Cos'era lecito chiedere, cos'era lecito aspettarsi oggi dagli U2? I quattro ex ragazzi d'Irlanda erano finiti nelle sabbie mobili di una crisi - musicale, certo non di vendite - profonda: crisi di identità ("Pop"), di ispirazione ("All That You Can Leave Behind"), crisi addirittura come musicisti tout court ("How To Dismantle An Atomic Bomb"). Grossi problemi di forma e sostanza, laddove la prima era quella di una arena-band totalmente priva di stimoli su disco, con una vena melodica e una ricerca sonora divenuta talmente annacquata e didascalica, e la seconda quella di un leader maximo che aveva rotto la coesione e l'essenza della band, creandosi un'immagine e un ruolo assai distanti dalla musica. I cinque anni di silenzio antecedenti l'ultima nuova uscita sono sintomo di cosa? Lavoro, apatia, mero disinteresse?
Per rispondere agli interrogativi posti occorre premettere una considerazione semplice semplice: il trentennale degli U2 non può non risentire della perdita di smalto, di brillantezza, di irriverenza, insomma, della bruciante gioventù che aveva fomentato i loro cuori. "No Line On The Horizon" non può suonare come "War" o come "Acthung Baby" per ragioni strettamente fisiologiche ancor prima che musicali. Quel che era lecito chiedere a questo nuovo album era quantomeno che si smettesse di tirar fuori il paravento di un - impossibile - ritorno agli antichi fasti, si prendesse coscienza dei propri mezzi attuali e si iniettasse una gran dose di lavoro.
Fortunatamente, il primo elemento a risaltare chiaro, lapalissiano, una volta terminato l'ascolto di "No Line On The Horizon", è proprio la quantità - nonché la qualità - del lavoro impiegato nella sua costruzione. La sapiente cura con cui vengono cesellati i brani, i minori quanto quelli portanti, è tanto palese quanto la valenza delle scelte di produzione. La coppia d'esperienza Eno/Lanois porta un suono sì lambiccato ma capace di colorire adeguatamente i brani, nonché perfetto nel rinsaldarne l'ossatura.
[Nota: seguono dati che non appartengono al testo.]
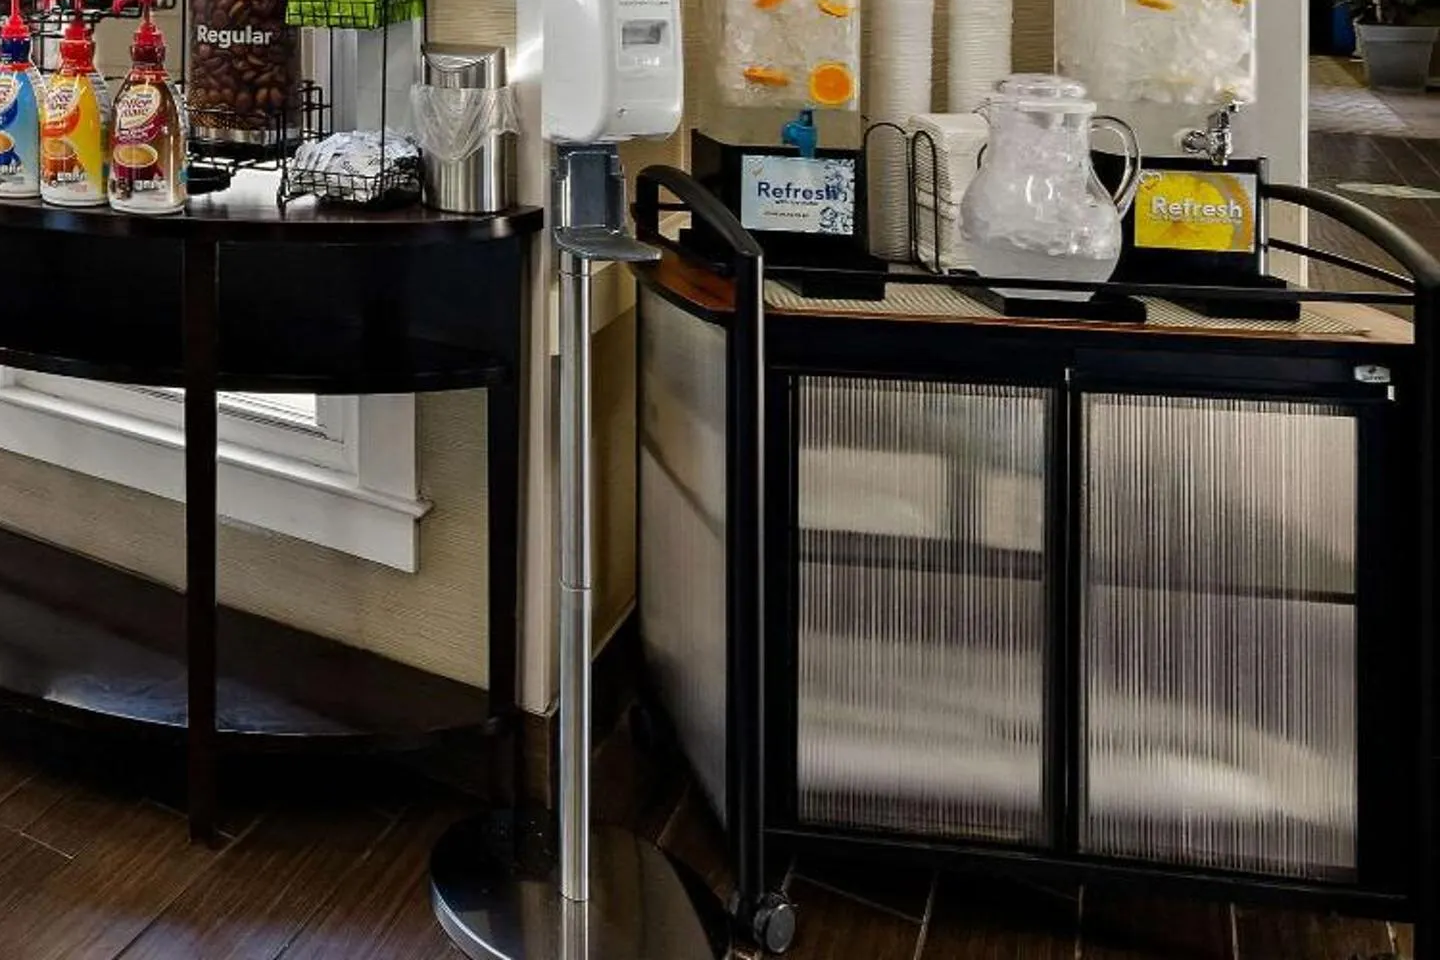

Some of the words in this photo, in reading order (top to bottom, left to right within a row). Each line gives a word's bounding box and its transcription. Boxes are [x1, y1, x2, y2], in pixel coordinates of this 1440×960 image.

Quello che viene fuori è un disco di mezzi toni, di sfumature, di ampio respiro e grigio come la sua copertina, in cui tutto ciò che sono stati/hanno pensato gli U2 concima il loro presente.
Le tastiere liquide che aprono "Magnificent" fanno da anteprima a un bel tuffo nel passato, frutto della chitarra di The Edge che ritrova epiche ormai antiche su cui Bono si fa raffinato interprete, con la complicità di arabeschi e di una melodia cristallina. Un brano di bellezza immediata e di classica maturità. Altrove il trait d'union col passato si fa più labile: come in "Moment Of Surrender", un lungo gospel ricco di pathos, per organo, archi e beat elettronici, o come l'evocativa distesa "Fez-Being Born", in cui la melodia prende la linea del racconto per immagini, sostituendola alla logica strofa-inciso.
Il capolavoro di questo modus operandi, il brano meglio rappresentativo del nuovo corso, si chiama "Unknown Caller". Trattasi di uno splendido momento corale, in cui chitarra e sezione ritmica si limitano a incorniciare il lavoro di voci fino a quando viene lasciato spazio a un intensissimo solo di The Edge di rara profondità.
A questo punto sarà evidente che la sfacciataggine del singolo "Get On Your Boots" non è che un aspetto minore. Piazzato a centro album, quest'ammiccante funkettino è, con le compari "I'll Go Crazy..." e "Stand Up Comedy", solo un momento di libertà ("Hey sexy boots, I don’t want to talk about the wars between the nations"), di rock'n'roll in senso stretto - non a caso sono gli unici tre pezzi non firmati anche dai produttori - che, per quanto sarà inviso a parecchi fan, spezza senza per questo creare grossi cali di qualità. Perché, alla fin fine, il valore di "No Line On The Horizon" trova la sua conferma proprio nei numeri base, come la solida e potente "Breathe" o come il crescendo della title track. Brani che mantengono la giusta rotta nell'attesa dei momenti più aulici, tra cui non può non citarsi la deliziosa "Cedars Of Lebanon", suadente ballata sottovoce che chiude il disco con il miglior testo del lotto (testi che, ad onor del vero, globalmente non brillano).
"No Line On The Horizon" segna il ritorno degli U2 alla musica, senza che per questo si debba parlare di grande stile. Lo stile è piuttosto finalmente consapevole, finalmente maturo, finalmente faticato, i pezzi sono scritti e arrangiati con classe e applicazione se non passione, in maniera tale da superare i limiti d'età. Il risultato complessivo riporta ai tempi di "Zooropa" e, detto francamente, si tratta di un mezzo miracolo.